━━━━━ Available data

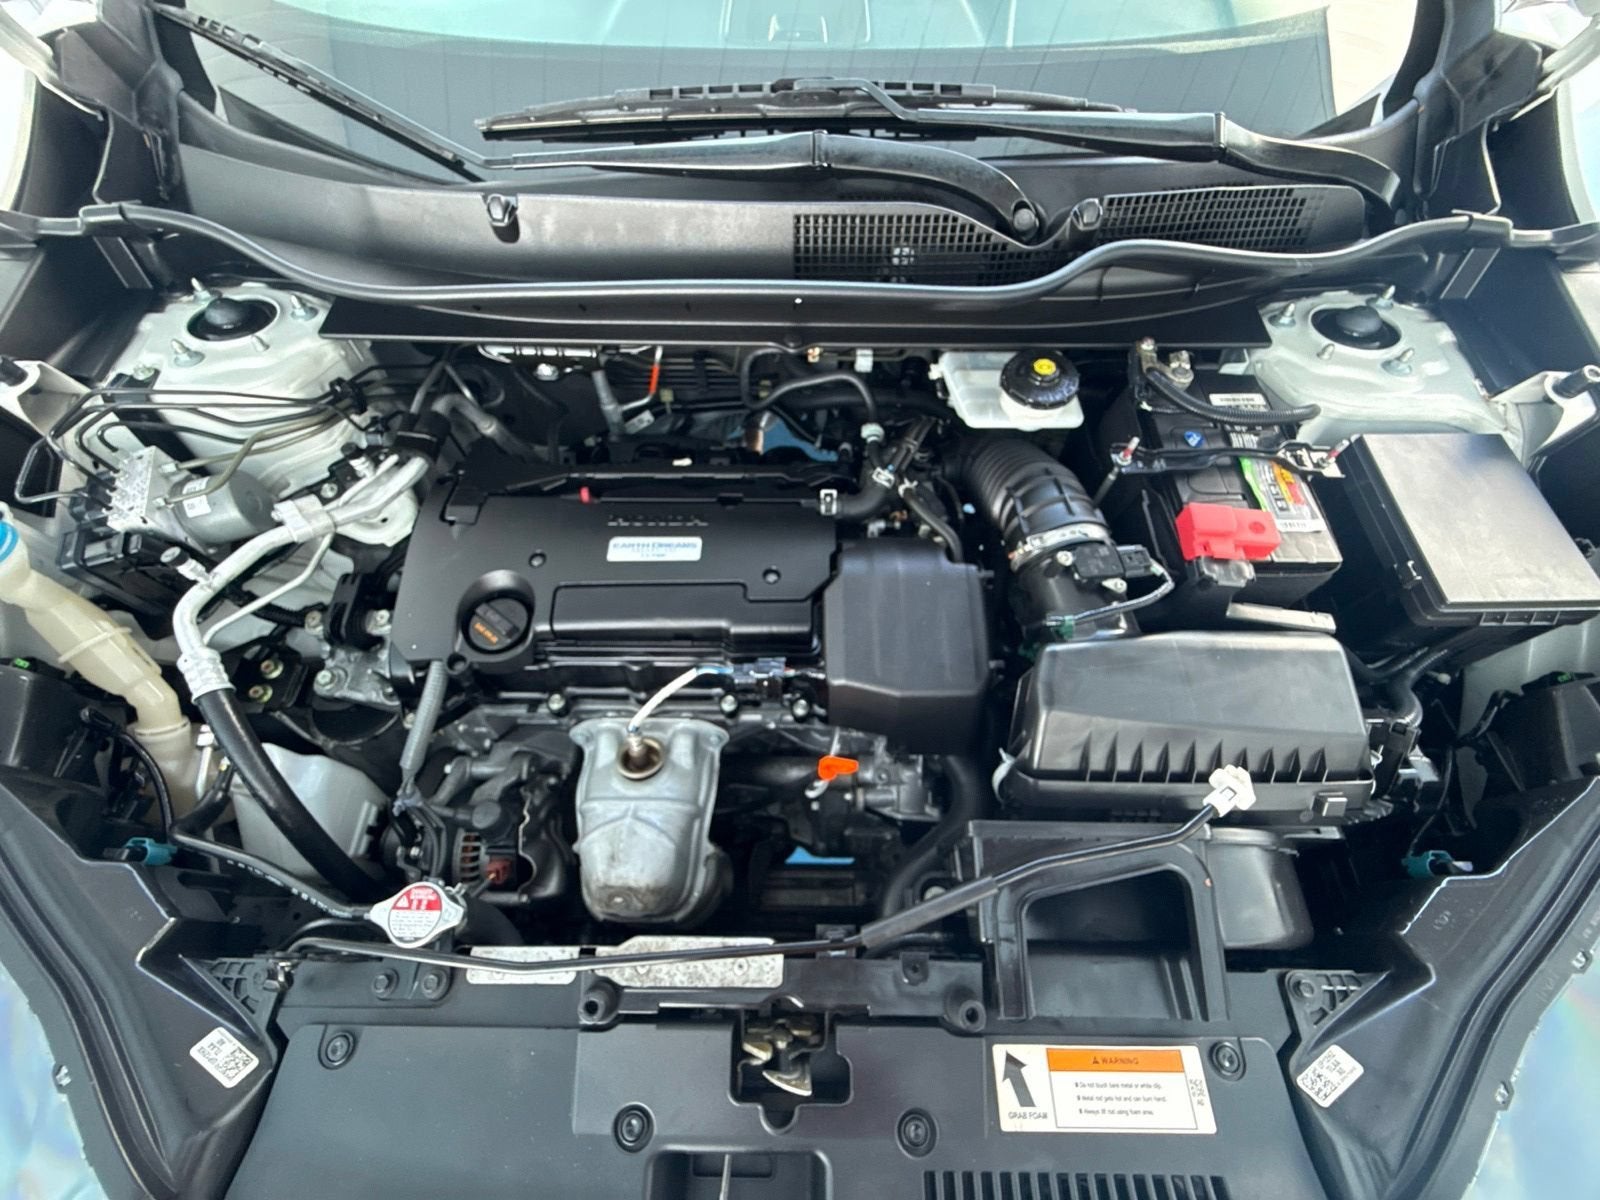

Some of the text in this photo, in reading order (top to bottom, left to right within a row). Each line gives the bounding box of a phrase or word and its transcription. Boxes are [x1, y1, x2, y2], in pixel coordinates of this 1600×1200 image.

[1101, 1056, 1139, 1065] WARNING
[1008, 1111, 1048, 1120] GRAB FOAM
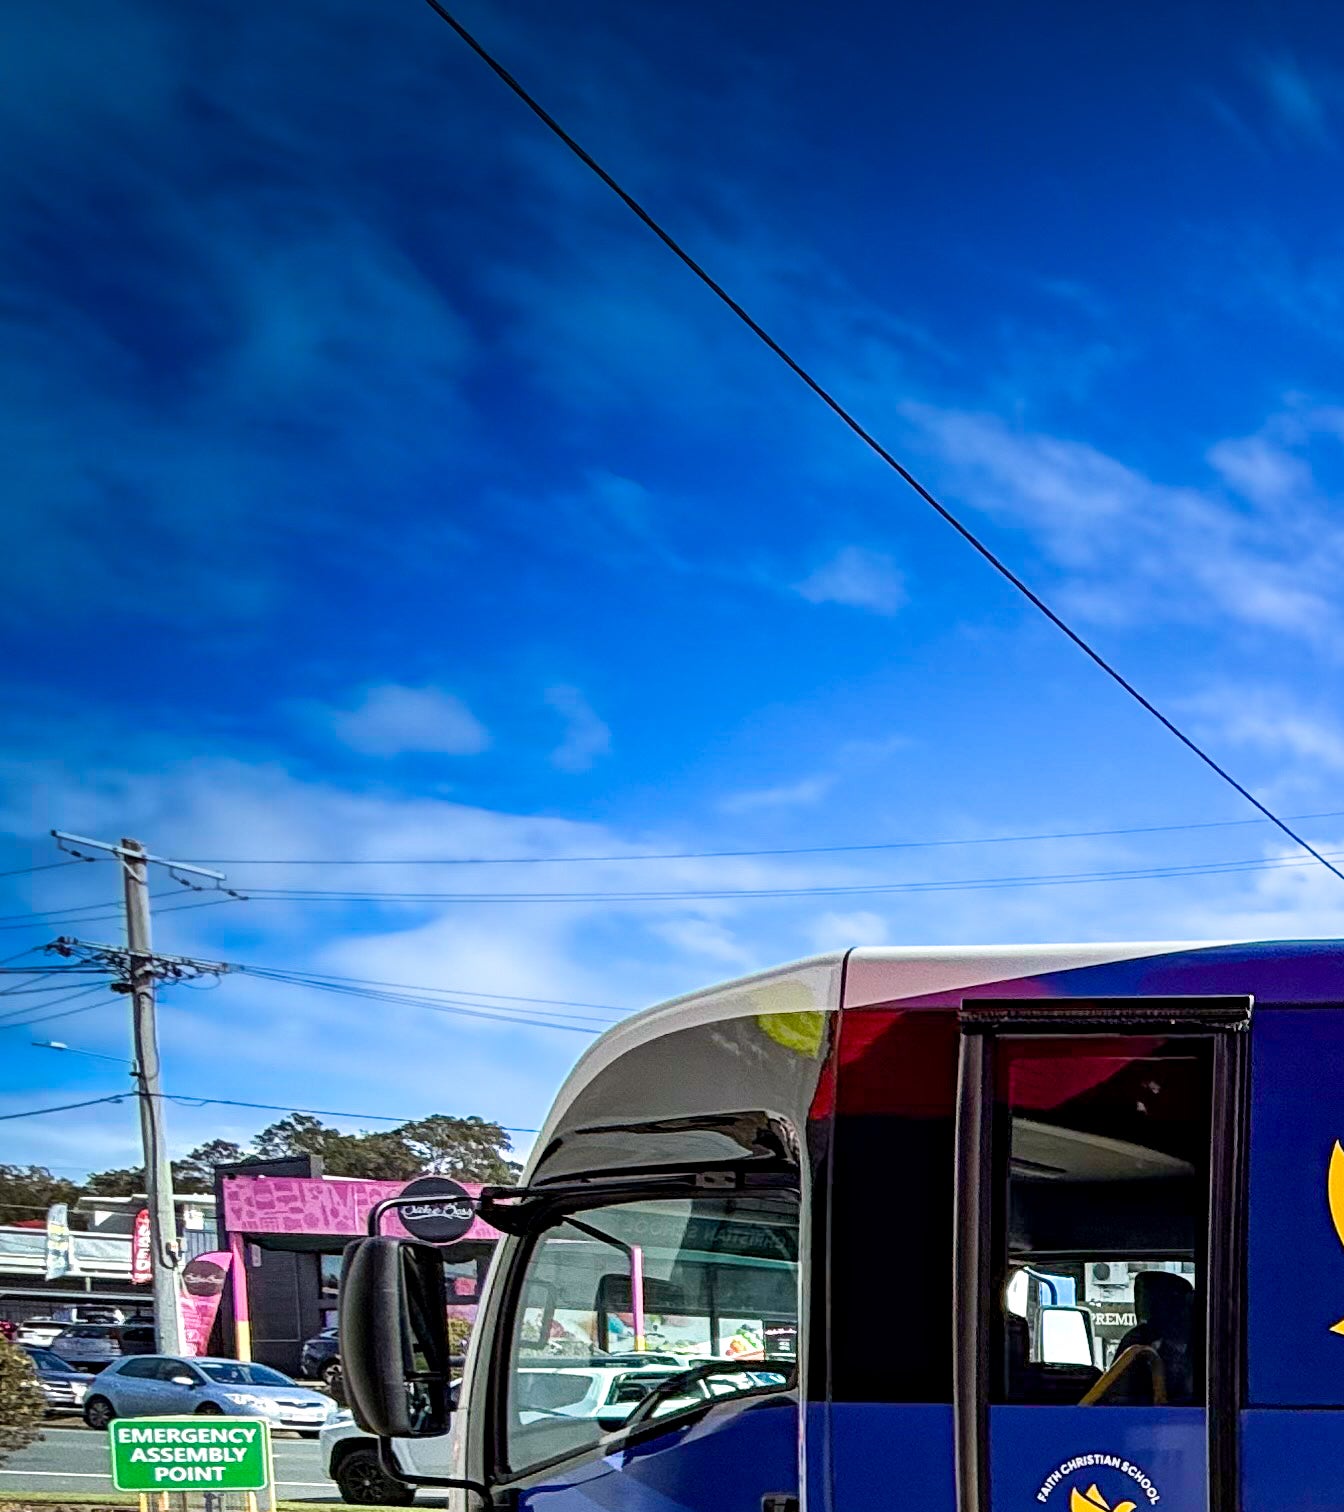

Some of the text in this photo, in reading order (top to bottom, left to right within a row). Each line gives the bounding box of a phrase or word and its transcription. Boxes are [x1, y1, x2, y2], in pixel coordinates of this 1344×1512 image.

[118, 1428, 257, 1444] EMERGENCY
[130, 1447, 247, 1463] ASSEMBLY
[154, 1466, 226, 1482] POINT
[1036, 1453, 1161, 1505] FAITH CHRISTIAN SCHOOL

━━━━━━━━━━

__Work request__. The material above is to be transcribed exactly, with all pictures omitted.

__Answer for this exercise__.
Some of the text in this photo, in reading order (top to bottom, left to right within a row). Each line gives the bounding box of a phrase or word and its transcription. Boxes are [x1, y1, x2, y2], in pixel coordinates of this 1600×1200 image.

[1101, 1056, 1139, 1065] WARNING
[1008, 1111, 1048, 1120] GRAB FOAM

Some of the text in this photo, in reading order (top to bottom, left to right within a row). Each line gives the bounding box of a phrase or word and its transcription. Boxes are [x1, y1, x2, y2], in pixel coordinates of this 1344×1512 image.

[118, 1428, 257, 1444] EMERGENCY
[130, 1447, 247, 1463] ASSEMBLY
[154, 1466, 226, 1482] POINT
[1036, 1453, 1161, 1505] FAITH CHRISTIAN SCHOOL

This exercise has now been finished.